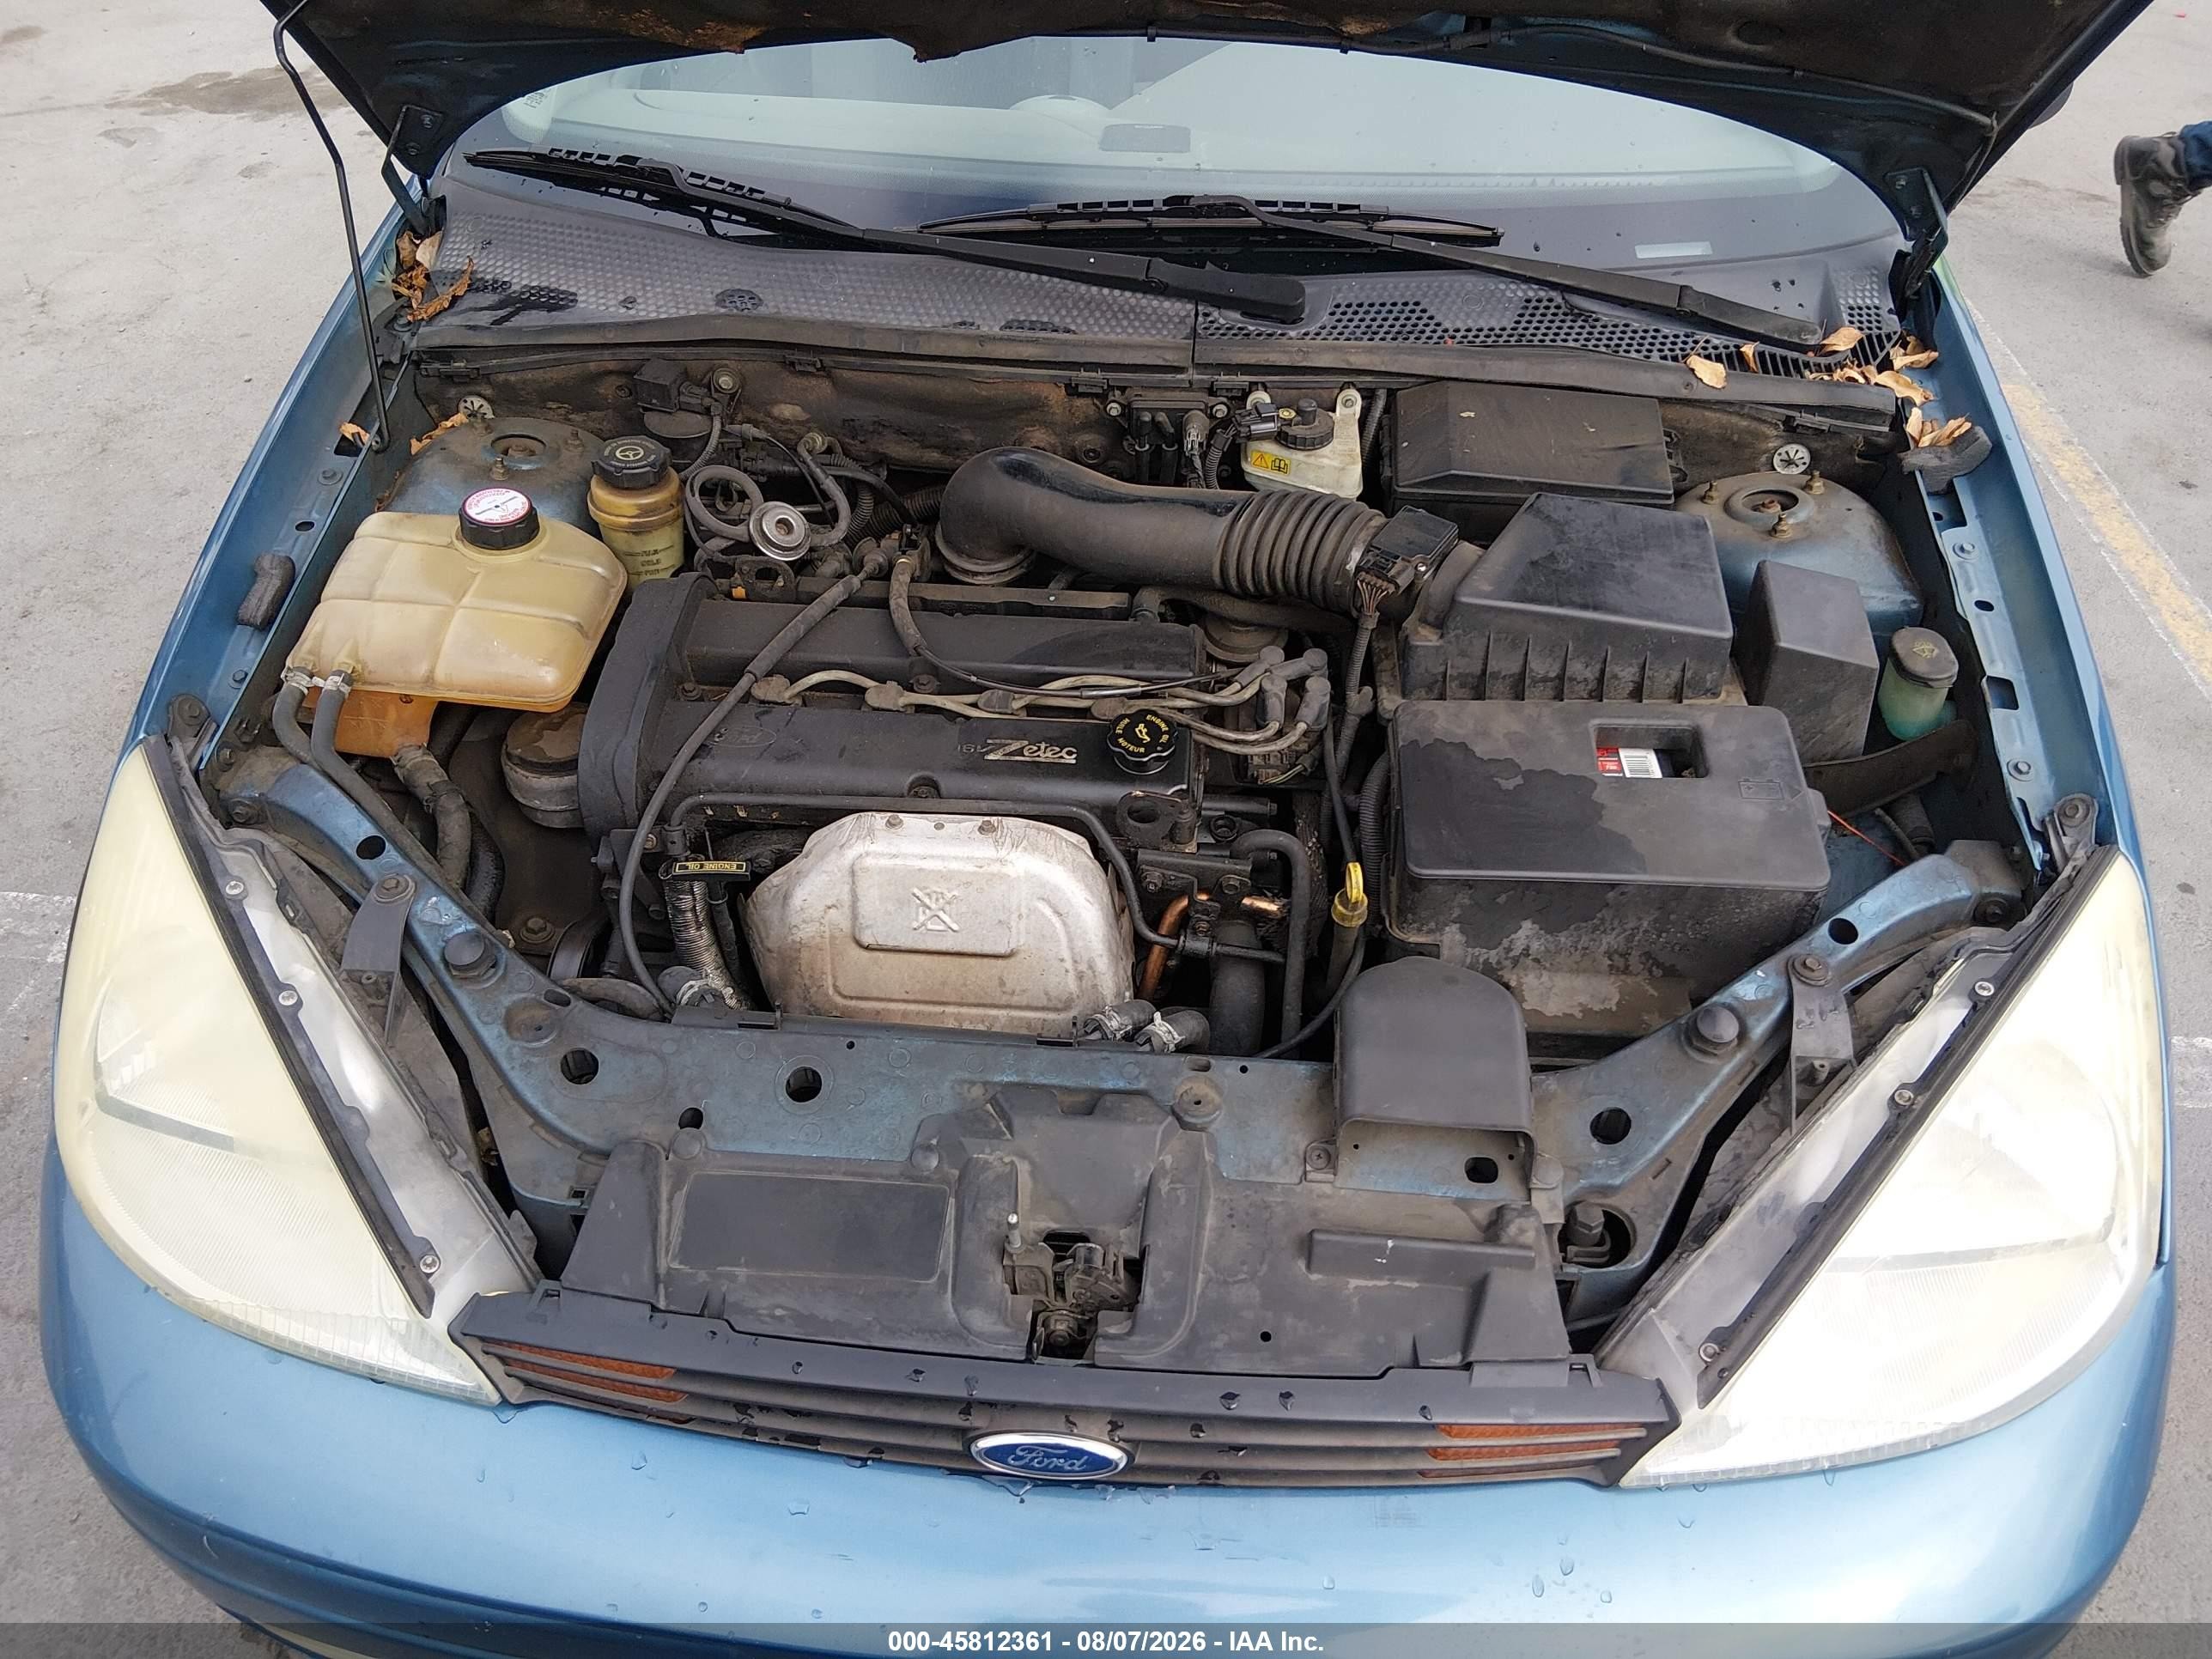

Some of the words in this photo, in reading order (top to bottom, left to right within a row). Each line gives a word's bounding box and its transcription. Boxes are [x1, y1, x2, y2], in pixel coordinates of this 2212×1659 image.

[1146, 714, 1170, 732] ENGINE
[1159, 734, 1170, 744] OIL
[984, 738, 1078, 764] Zetec
[1116, 737, 1146, 753] MOTEUR
[1006, 1445, 1088, 1470] Ford

--- Work item ---
Leave out the pictures and repeat the remaining data exactly.

--- Answer space ---
Some of the words in this photo, in reading order (top to bottom, left to right within a row). Each line gives a word's bounding box and its transcription. Boxes are [x1, y1, x2, y2], in pixel coordinates of this 2212×1659 image.

[1146, 714, 1170, 732] ENGINE
[1159, 734, 1170, 744] OIL
[984, 738, 1078, 764] Zetec
[1116, 737, 1146, 753] MOTEUR
[1006, 1445, 1088, 1470] Ford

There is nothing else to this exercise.